Jordan Jones, store team leader for Whole Foods Market on Manufacturers Road, shows off locally sourced coffee from four area roasters, left, and bread from Niedlov's Bakery, right.
It seems important to me, and good for the community, for employers to take chances on risky hires once in a while.

In the floury fog of the Niedlov's bakery on Chattanooga's Southside, hipster-styled bakers bob and weave in sync with their Mariah Carey playlist.

Nearby, young Ruby Hussein, a Libyan refugee, lines trays with Brother John rolls. Working alongside her is Nancy Dalla, a Sudanese refugee with head scarved in crimson cloth. Dalla only recently started working at Niedlov's as a dishwasher but, just a month later, is already in the bakery's training program.

This ethereal haze of flour-coated harmony — 20--something-year-old hipsters and refugees dancing and baking together — might seem surreal. But, the utopian diversity is real and was one of the goals of small business owner John Sweet when he opened Niedlov's Bakery in 2002.

"Part of our mission statement is building community as a successful bakery," Sweet said.

This weekend celebrates local community through Small Business Saturday, a day set aside to encourage shopping local. Launched in 2010, Small Business Saturday follows Thanksgiving and the Black Friday rush.

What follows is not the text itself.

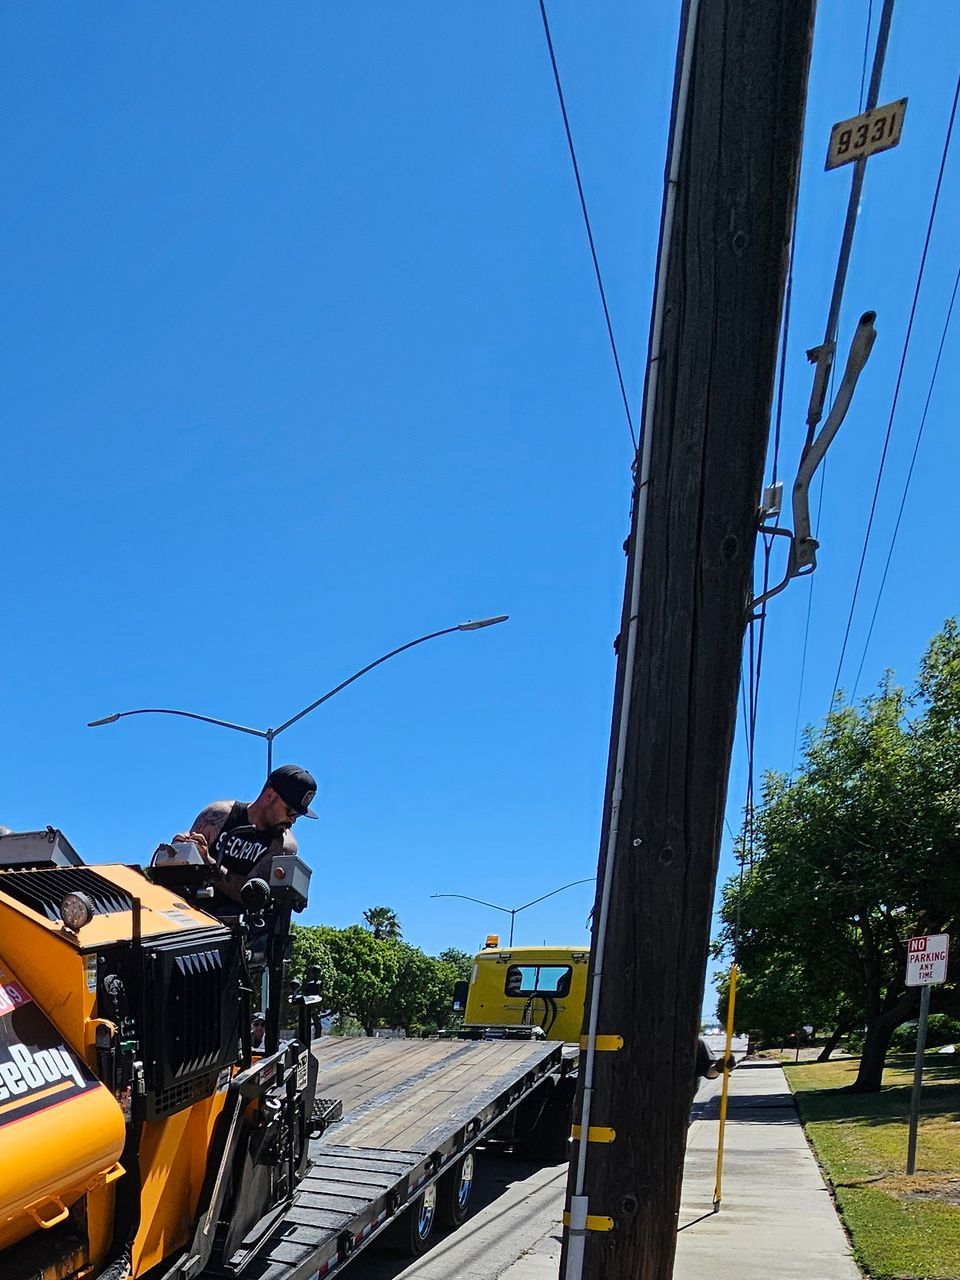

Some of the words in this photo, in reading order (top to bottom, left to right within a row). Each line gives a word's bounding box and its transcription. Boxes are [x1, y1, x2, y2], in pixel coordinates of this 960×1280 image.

For small business owners like Sweet, shopping local does more than invest in Niedlov's. Shopping local allows Niedlov's to invest in the community.

"It seems important to me, and good for the community, for employers to take chances on risky hires once in a while," he said.

Those risky hires include an ex-convict who worked through addictions at CADAS and then rose to position of management at Niedlov's. Now, with Erik Zilen as manager at Niedlov's, refugees have been added to the diverse employee mix.

Zilen worked as a caseworker at Chattanooga's Bridge Agency, the local refugee agency. His commitment to refugees remained when he shifted to his management position at Niedlov's.

Ask any of the refugee employees about Zilen and their faces light up.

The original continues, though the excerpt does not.